> What you are asked to do
Write out each record exactly and skip every image.

> Records provided
BEGIN

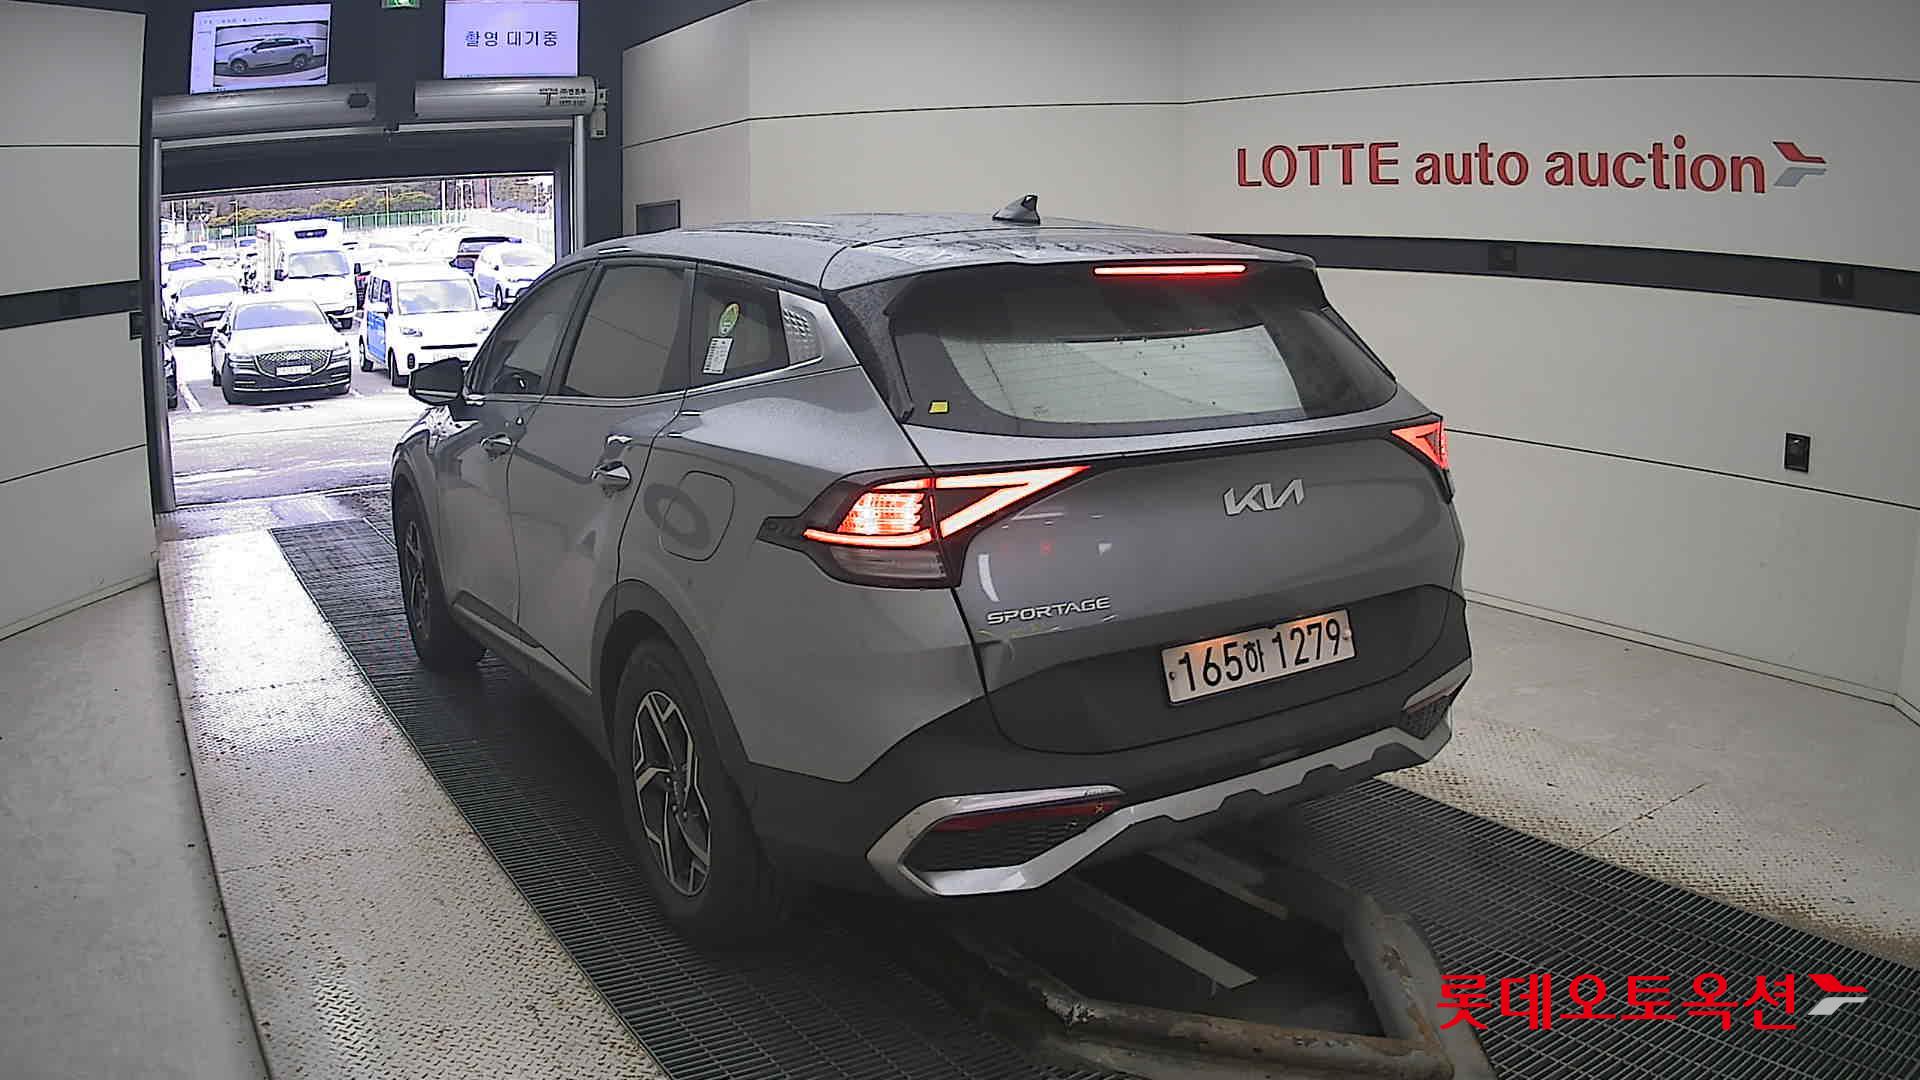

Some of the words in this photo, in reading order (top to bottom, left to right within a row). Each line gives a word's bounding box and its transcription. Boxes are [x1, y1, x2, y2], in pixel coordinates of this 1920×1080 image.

[506, 30, 558, 47] 대기중
[1236, 141, 1399, 188] LOTTE
[1415, 142, 1529, 187] auto
[1545, 134, 1766, 194] auction
[1223, 478, 1305, 516] KIA
[986, 596, 1112, 626] SPORTAGE
[1178, 640, 1266, 692] 165하
[1271, 617, 1341, 670] 1279

END

> Written solution
Some of the words in this photo, in reading order (top to bottom, left to right within a row). Each line gives a word's bounding box and its transcription. Boxes are [x1, y1, x2, y2], in pixel coordinates of this 1920×1080 image.

[506, 30, 558, 47] 대기중
[1236, 141, 1399, 188] LOTTE
[1415, 142, 1529, 187] auto
[1545, 134, 1766, 194] auction
[1223, 478, 1305, 516] KIA
[986, 596, 1112, 626] SPORTAGE
[1178, 640, 1266, 692] 165하
[1271, 617, 1341, 670] 1279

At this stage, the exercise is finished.